I just read a disturbing story in the London Times. It seems that a British Airways 747 headed for London lost an engine right after take-off from LAX. The pilot circled out over the Pacific for a while and announced to the passengers what had happened. Then he pointed the plane to London and resumed their journey minus one engine. Because the aircraft couldn’t climb to its normal cruising altitude on three engines, it comsumed fuel faster than normal. Somewhere out over the Atlantic, the pilot realized they didn’t have enough fuel to get to London. So he radioed in an emergency and put down in Manchester, England. A photograph of the plane in the Times shows one of the engines literally hanging off the wing!

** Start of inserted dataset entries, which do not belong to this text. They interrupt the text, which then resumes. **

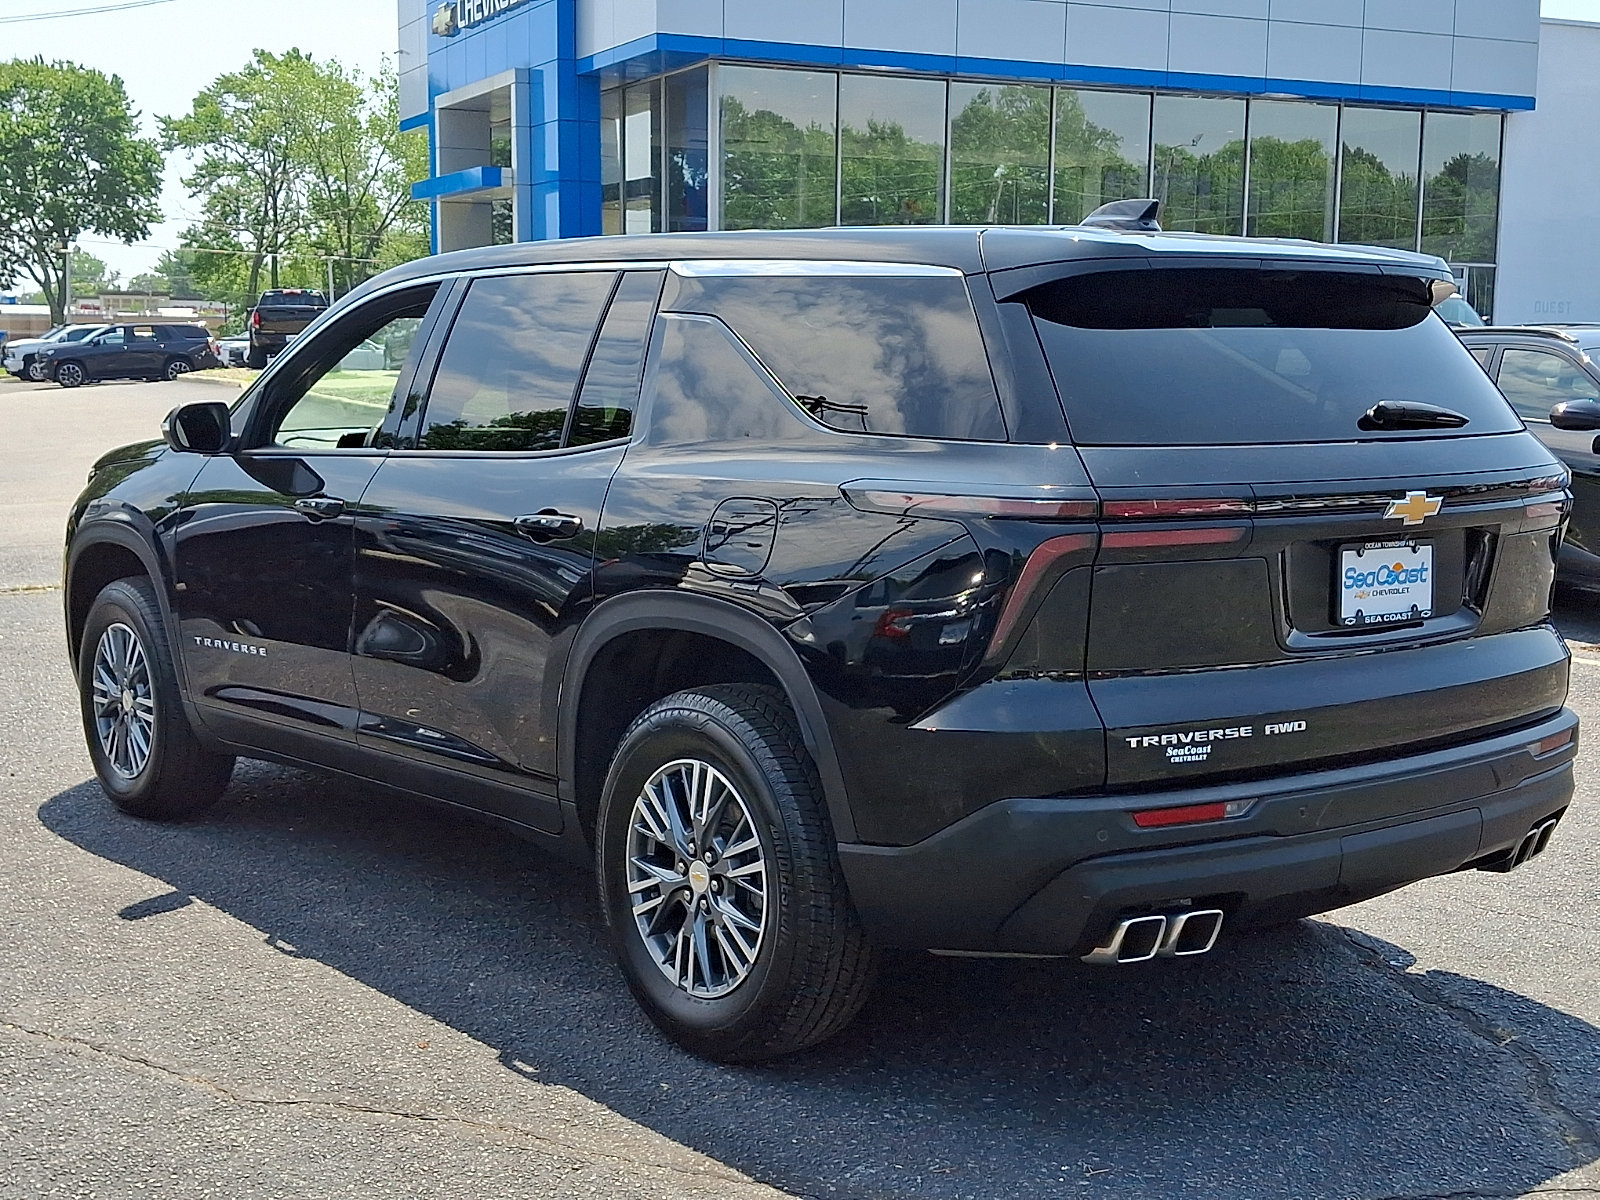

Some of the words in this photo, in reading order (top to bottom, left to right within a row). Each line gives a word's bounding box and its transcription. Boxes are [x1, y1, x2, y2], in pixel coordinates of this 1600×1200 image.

[1372, 587, 1410, 597] CHEVROLET
[1364, 614, 1383, 624] SEA
[1383, 612, 1413, 622] COAST
[194, 636, 268, 657] TRAVERSE
[1125, 726, 1253, 749] TRAVERSE
[1264, 720, 1307, 735] AWD
[1170, 754, 1208, 763] CHEVROLET
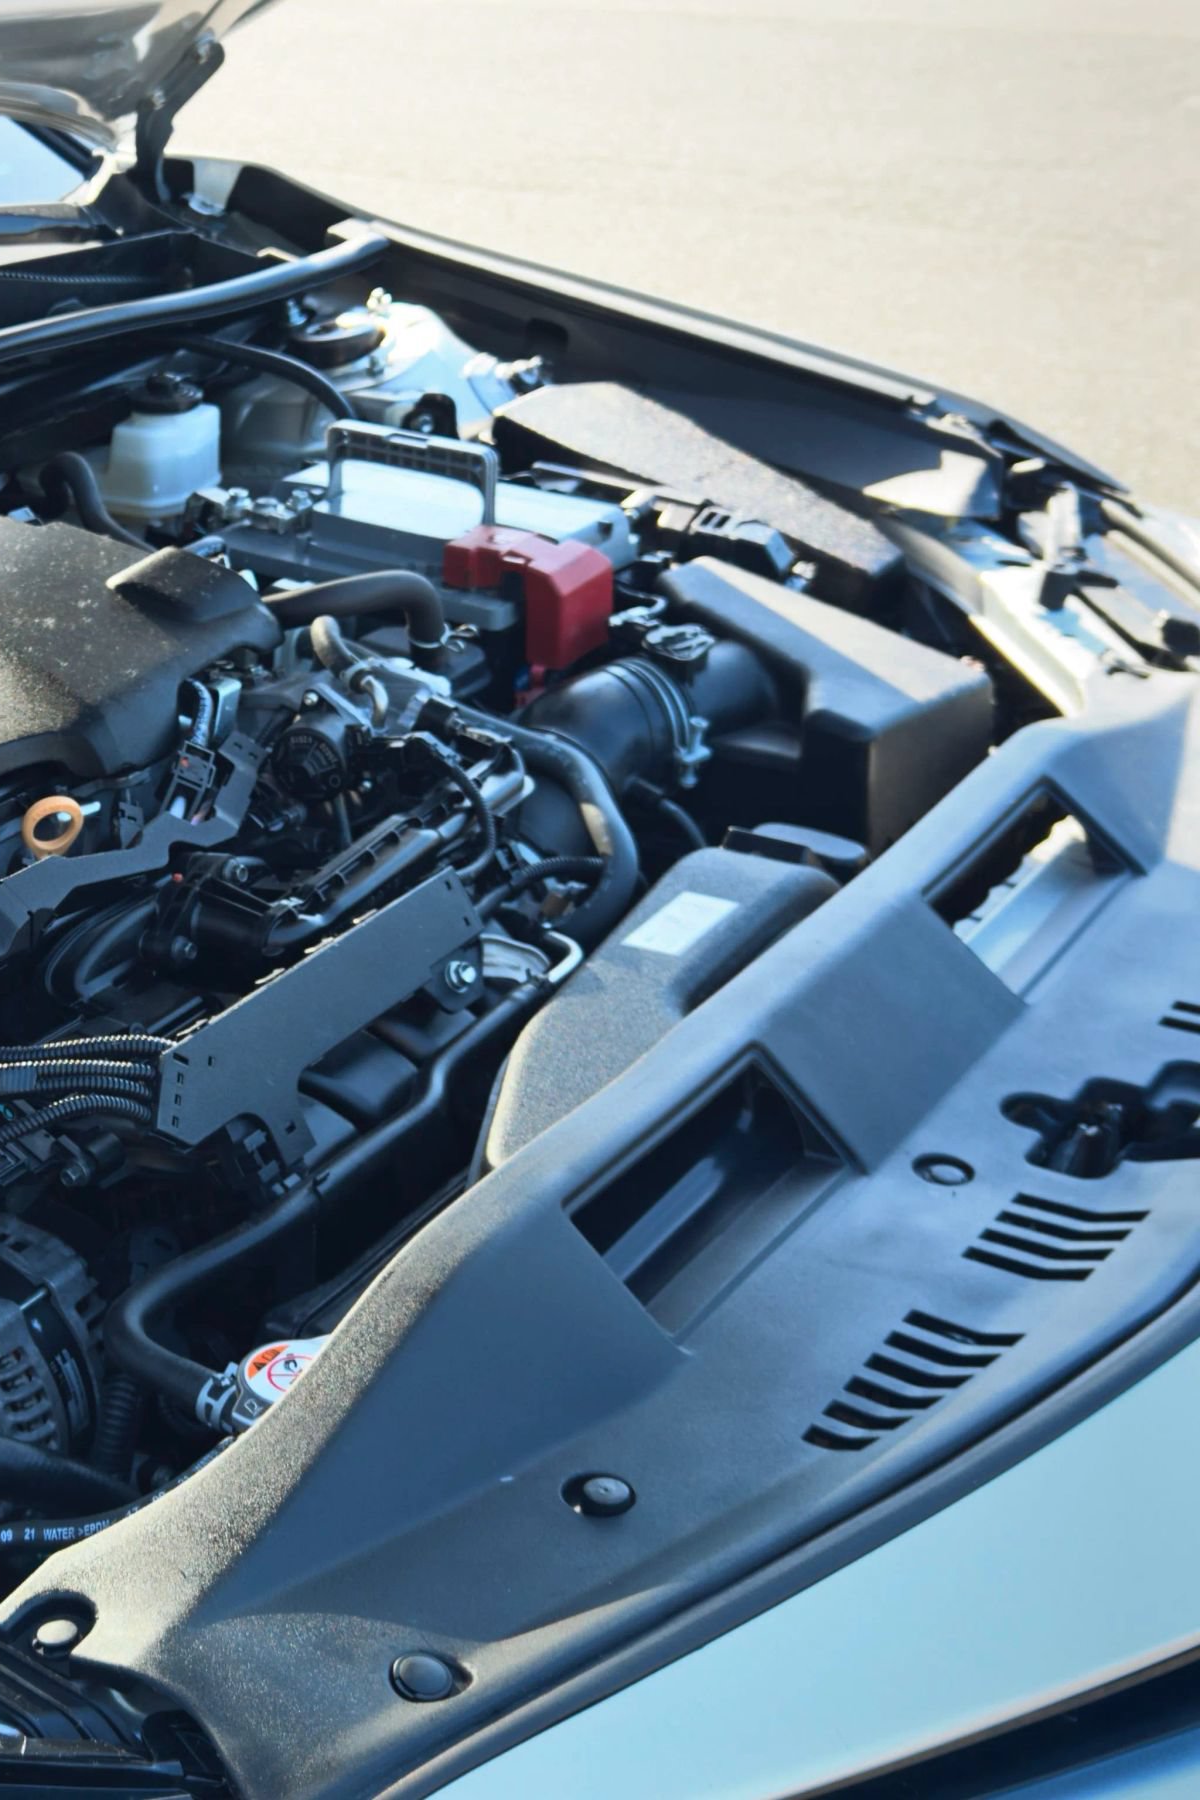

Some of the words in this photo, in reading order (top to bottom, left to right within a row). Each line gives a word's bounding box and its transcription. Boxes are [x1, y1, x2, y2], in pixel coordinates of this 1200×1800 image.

[0, 1528, 13, 1542] 09
[24, 1528, 36, 1541] 21
[43, 1526, 75, 1541] WATER

The scandal is that three days before this incident, a new EU regulation went into effect that makes it extremely expensive for a European airline to strand passengers overseas. The airline as much as admitted that they decided to fly the ailing plane to London because landing back in L.A. would have cost them $200,000 plus more than 100 tons of jet fuel (which would have been dumped over the Pacific prior to landing). Good to know that British Airways has its passengers’ welfare at heart. I’ll fly Delta home next week, thank you.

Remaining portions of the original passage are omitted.